The system has been evaluated in industrial use case with millions of data, thousands of repeated runs, and domain users, showing promising results.
- Score: 8.445414390004636
- License: http://creativecommons.org/licenses/by/4.0/
- Abstract: Industry 4.0 and Internet of Things (IoT) technologies unlock unprecedented
amount of data from factory production, posing big data challenges in volume
and variety. In that context, distributed computing solutions such as cloud
systems are leveraged to parallelise the data processing and reduce computation
time. As the cloud systems become increasingly popular, there is increased
demand that more users that were originally not cloud experts (such as data
scientists, domain experts) deploy their solutions on the cloud systems.

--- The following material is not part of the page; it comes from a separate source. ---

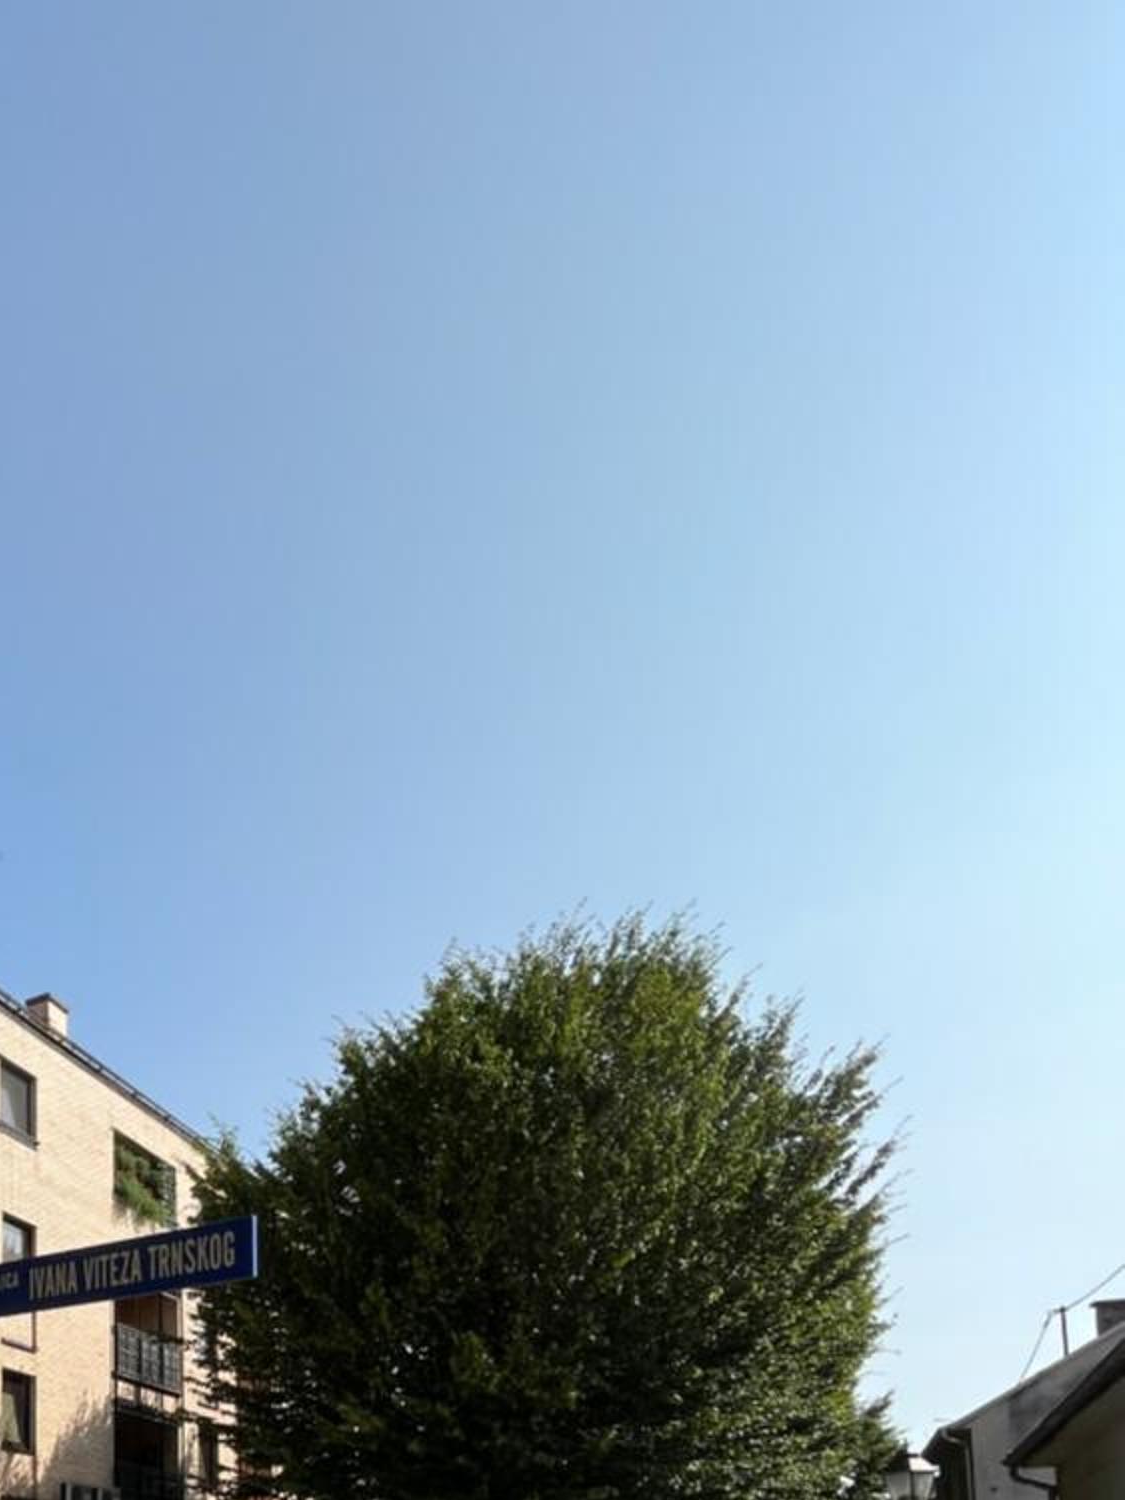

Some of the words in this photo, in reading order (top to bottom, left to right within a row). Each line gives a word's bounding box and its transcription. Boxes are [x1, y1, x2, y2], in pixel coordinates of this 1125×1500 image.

However, it is non-trivial to address both the high demand for cloud system
users and the excessive time required to train them. To this end, we propose
SemCloud, a semantics-enhanced cloud system, that couples cloud system with
semantic technologies and machine learning. SemCloud relies on domain
ontologies and mappings for data integration, and parallelises the semantic
data integration and data analysis on distributed computing nodes. Furthermore,
SemCloud adopts adaptive Datalog rules and machine learning for automated
resource configuration, allowing non-cloud experts to use the cloud system. The
system has been evaluated in industrial use case with millions of data,
thousands of repeated runs, and domain users, showing promising results.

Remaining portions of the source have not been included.